What technique or model to use

Rhaymison_Cristian · October 20, 2023, 11:52am

I would like guidance for developing a model.

The challenge is that I have a CSV with more than 150,000 medicines and their characteristics.

I need to train a model (as if it were a Gpt for example but obviously much less powerful).
Where I could ask anything about a certain medication and he would answer.
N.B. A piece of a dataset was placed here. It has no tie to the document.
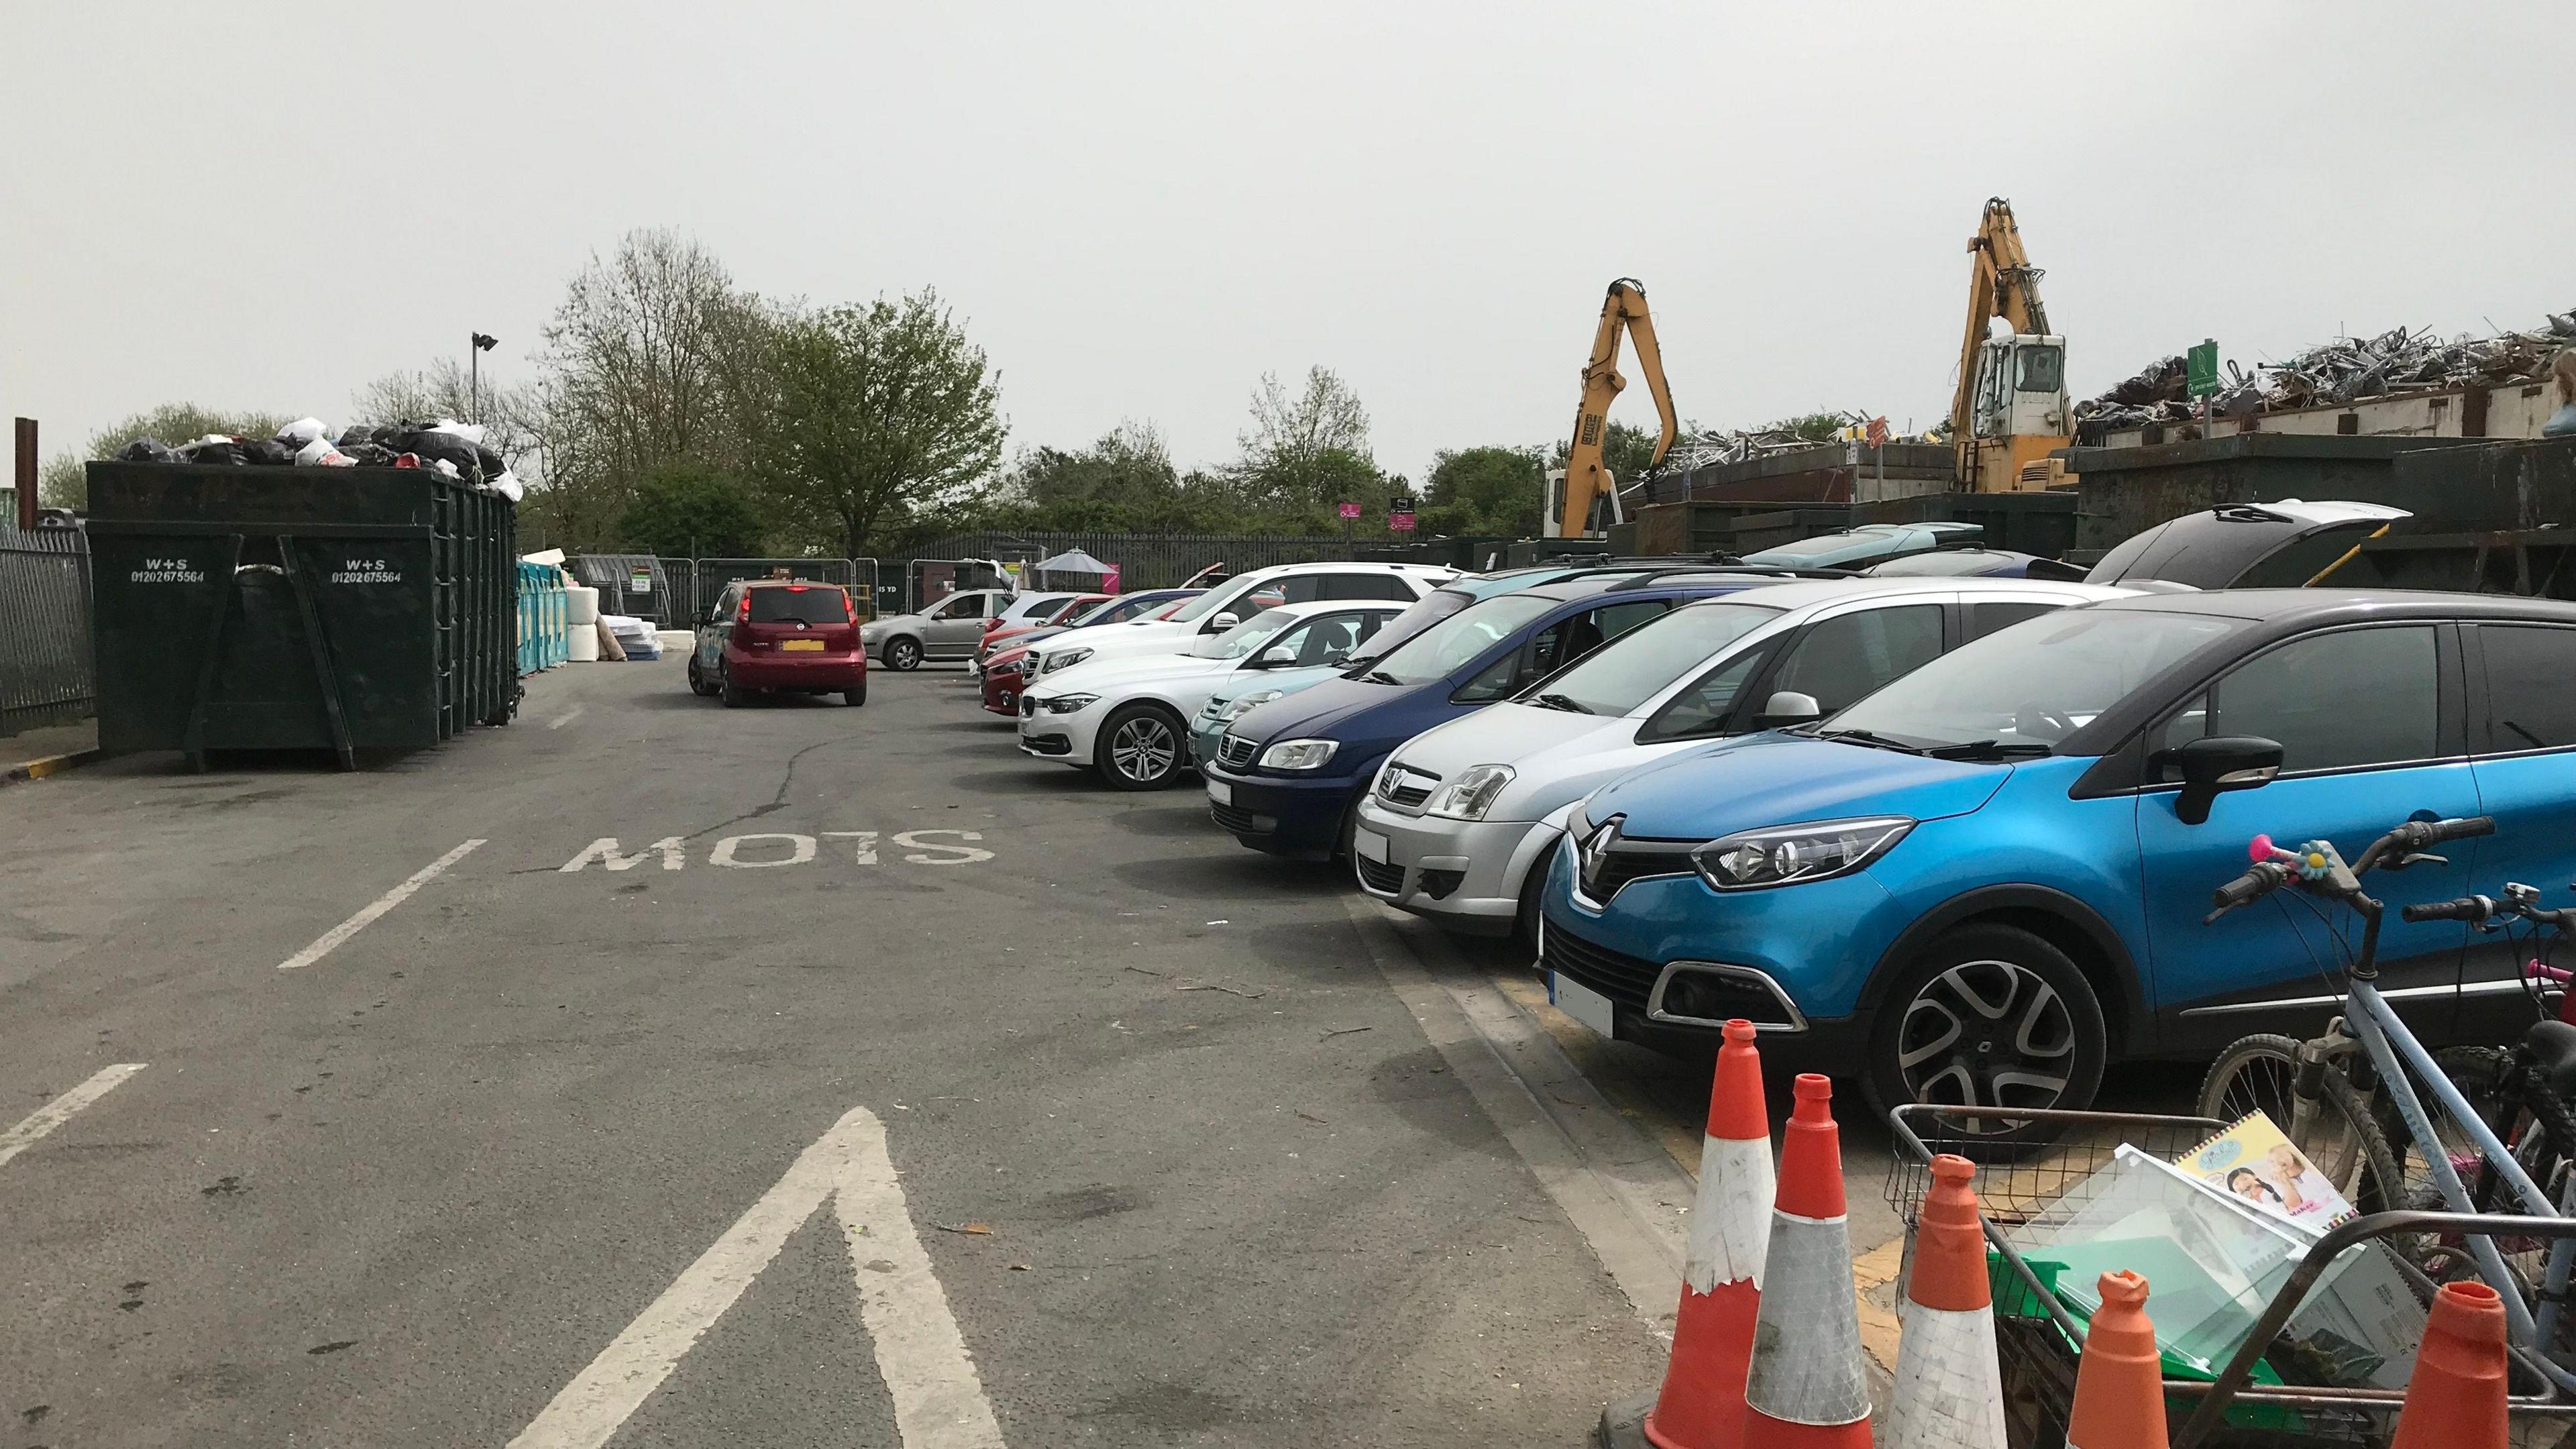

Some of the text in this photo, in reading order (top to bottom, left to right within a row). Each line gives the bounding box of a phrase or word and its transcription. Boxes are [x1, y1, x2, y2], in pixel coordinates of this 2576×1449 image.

The model should only be an expert on the data in this csv.

Would anyone have any ideas on how to proceed with this project? The idea was that it would be training not like Feelings Analysis where we have flags, but a fluid model where we ask questions and get an answer.
The answer does not need to be creative, just csv data.

The idea of the model is precisely because not everyone knows the exact name. So if someone asked about Pacentamol, he would identify that it was Paracetamol and return the data.

Thank you all in advance.

tagoma · October 20, 2023, 1:29pm

Hi @Rhaymison_Cristian
What does your data/dataset look like ?
Can you provide example of a question? How much advanced does it have to be from the basic user inputs the name of the medication and model spits out the “hard-coded” data?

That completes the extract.